In reality, I was simply a piece of human scenery; a British bobby wearing a Victorian helmet. The real security was provided by US Secret Service agents. Equally exciting were the dangerous-looking US Marines prowling the grounds in combat gear; it was dusk, a Black Hawk helicopter half-hidden beneath a camouflage net, radios crackling while troops swept the perimeter with night-vision gear.
All in the middle of London.
The Secret Service were friendly and very, very American. A surprising number were diminutive men of Italian descent (they’ll tell you, no need to ask), moustachioed and wearing identikit London Fog raincoats and paperboy caps. It was like being surrounded by a squad of heavily-armed Joe Pesci lookalikes. Sharing a heated marquee, we were provided with an endless supply of coffee and donuts. The Americans wanted to chat about what it was like being a London cop. This was a buttering-up exercise before they tried to persuade you to part with your iconic British police helmet. I was offered Secret Service lapel pins and a surprising amount of cash for mine. Sadly, I only had one and (a) it was on my head, and (b) it belonged to the Commissioner of the Metropolitan Police.
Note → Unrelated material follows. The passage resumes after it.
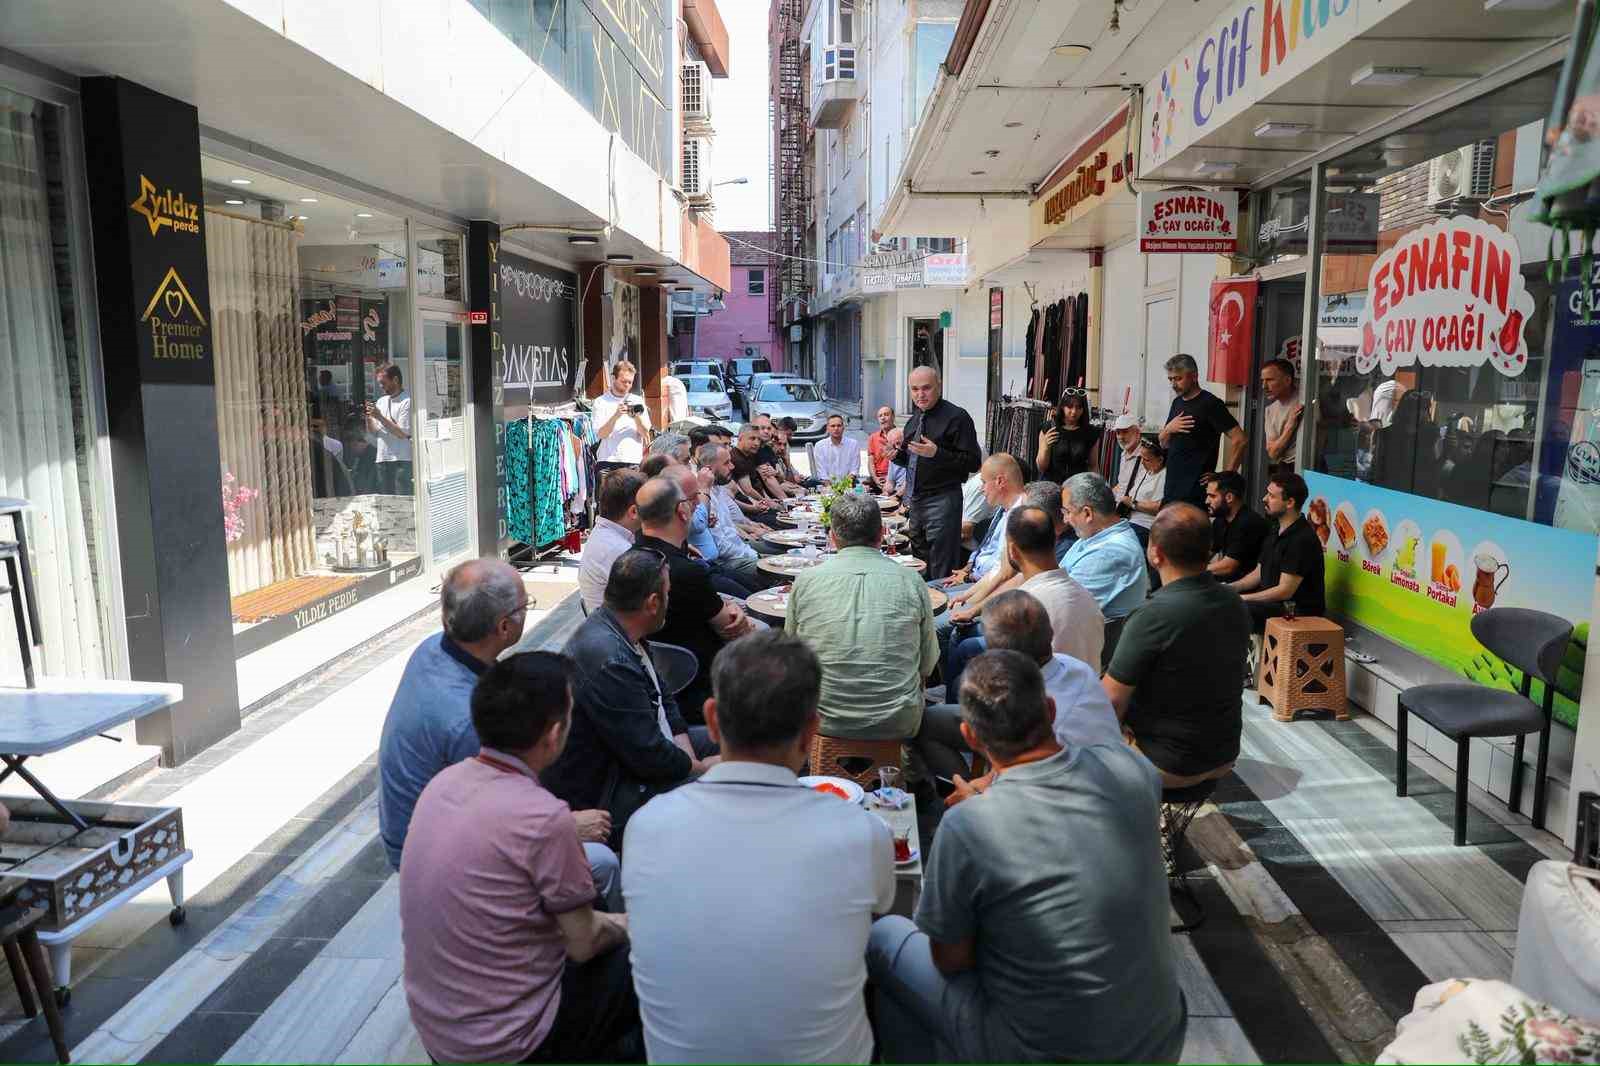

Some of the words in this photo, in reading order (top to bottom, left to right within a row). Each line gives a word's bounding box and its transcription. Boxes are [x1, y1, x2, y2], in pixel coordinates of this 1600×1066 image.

By early evening the frogman threat had receded and I was reassigned to be a piece of street furniture outside Winfield House. The President and First Lady were having dinner with the Prime Minister, John Major, their convoy headed for Westminster. Which was when I saw the Beasts.
Yes, Beasts.
In 1995 America was still a bona fide hyper-power, flush from its Cold War victory over the USSR. It was the End of History, right? The twentysomething me was astonished, and deeply impressed, that there were TWO convoys – a real one and a decoy to baffle any would-be attackers. Each convoy was identical, like the entourage of 20th Century Xerxes; police motorcyclists, trucks full of Secret Service agents, counter-ambush teams, US air force field ambulances, support vehicles, 40-seater minibuses loaded with flunkies, courtiers and journalists…
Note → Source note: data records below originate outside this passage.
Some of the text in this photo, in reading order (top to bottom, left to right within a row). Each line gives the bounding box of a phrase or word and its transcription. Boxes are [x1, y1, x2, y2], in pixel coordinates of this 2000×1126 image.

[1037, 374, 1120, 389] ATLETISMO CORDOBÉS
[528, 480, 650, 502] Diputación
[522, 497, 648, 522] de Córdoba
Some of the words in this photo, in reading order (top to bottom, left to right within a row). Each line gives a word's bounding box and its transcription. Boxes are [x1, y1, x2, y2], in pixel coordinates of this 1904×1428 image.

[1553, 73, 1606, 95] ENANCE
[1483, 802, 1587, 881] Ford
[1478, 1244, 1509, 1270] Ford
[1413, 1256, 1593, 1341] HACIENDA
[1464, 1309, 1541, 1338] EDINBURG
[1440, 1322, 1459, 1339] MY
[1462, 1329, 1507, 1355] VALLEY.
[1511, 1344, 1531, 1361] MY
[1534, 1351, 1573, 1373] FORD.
One convoy turned left and the other right, a cavalcade of highly-polished coachwork. Each of the gleaming Beasts flew the Stars-and-Stripes, fluttering under Regents Park's amber streetlights. I stood next to the convoy turning right, away from the natural route you’d normally take to Westminster. That would have to be the real convoy, surely? Or was it a double bluff?
The Beast passed by, close enough to touch. And visible through the passenger’s window, the glass not as tinted as I expected, was Hilary. She looked happy. Her hair was, I remember, very blonde. Bill was looking in the other direction, ruddy-faced and smiling.
At least, I think it was them.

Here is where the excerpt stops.